Sounds like the work of an amateur, which to a degree it is. She is not yet published but she, like me, is trying hard and has every intention of getting her work in print. We’re all trying to write the story readers want to read, the one that makes people stand in line to buy, even if it’s standing in line at Amazon. Every writer works to produce a saga extraordinaire, but many of us miss the target. Including me.

Yet I’ve read published books in need of a big pair of scissors and a pint jar of white out that I wonder, how did they do it? Get a book published that obviously needed an attentive editor and a round of intense rewriting? This past year I’ve read so many books that fell short on my love this book poll. Not only has not one of this year’s books excited me enough to recommend, but several have elicited my camel imitation: a huge spray of gloppy spit. I’ll talk about one, in a roundabout way. I have no desire to expose a writer whose work is in print, because that might create an enemy when all I want is to improve the quality of the written word.  I have no desire to thrash someone who labored to produce a book close to excellent but still short of the goal. So I’m going to be snarky about identifying the writer and the title of the book.

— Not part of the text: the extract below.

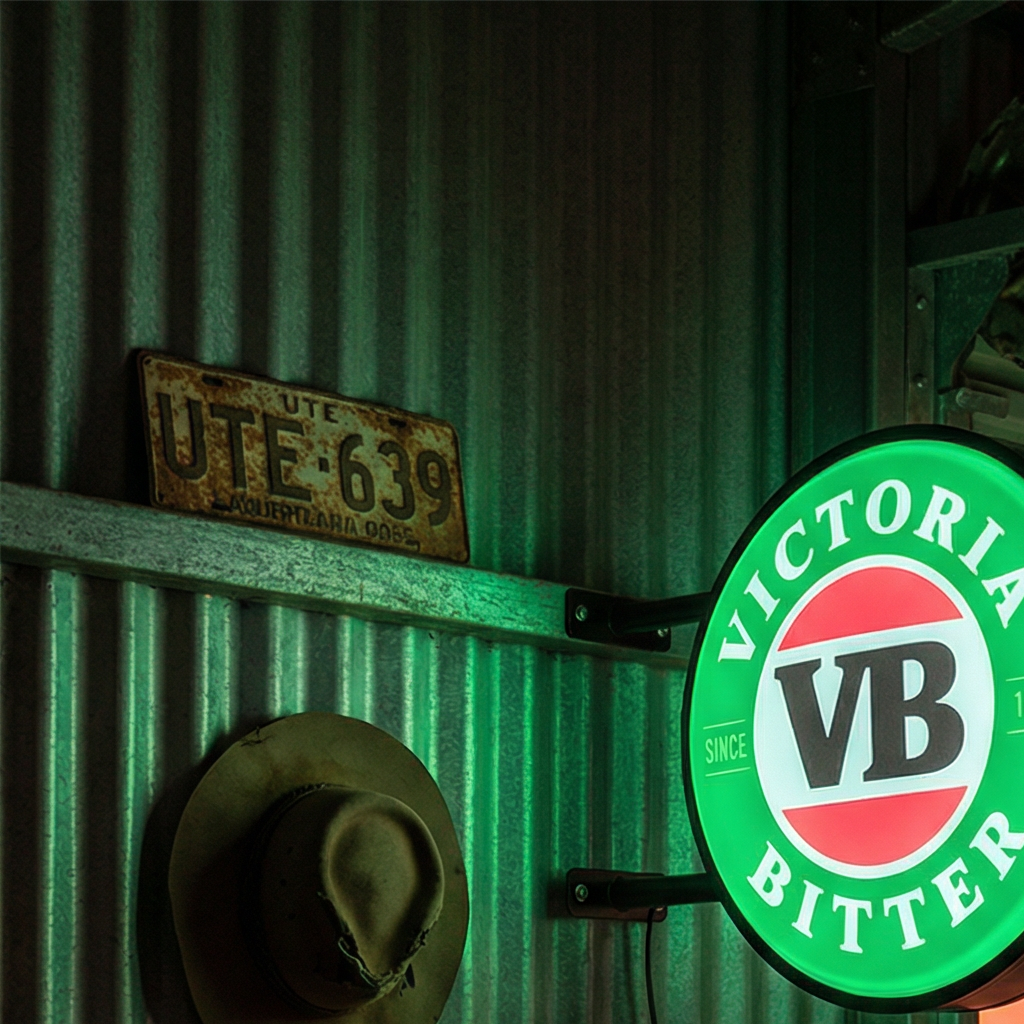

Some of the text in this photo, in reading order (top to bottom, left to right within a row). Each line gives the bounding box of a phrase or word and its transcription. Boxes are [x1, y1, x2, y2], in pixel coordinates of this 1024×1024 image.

[282, 393, 340, 424] UTE
[774, 640, 966, 790] VB
[704, 732, 748, 765] SINCE

The book is historical fiction, one of my favorite categories. It’s about a culture rarely evident in novels, characters rich with life force, and conflicts that dramatically stymie plot resolution. Sounds like everything a story needs. Except the writer began with a prologue. I generally like prologues. Done well, they’re intriguing glimpses into the crux of an issue without giving away the whole story. But the prologue in this story did exactly that: gave away the ending. We learned in two pages what was going to happen so the entire book read like a flat aftertaste. Every moment of suspense was deflated because I already knew the outcome. Nothing hung by a thread, my curiosity was never piqued. And it was entirely unnecessary. The book is stronger without the prologue but I couldn’t unlearn what I’d read in those first two pages. Chocolate wrappers on the floor.

Lessons learned: Foreshadow but don’t expose the final ballot. Describe but let the reader fill in some of the blanks. Remove, delete, exclude, and generate a muscular story.

Really, folks, you have to help me out. I can’t eat any more chocolate bars. My scale is about to crash.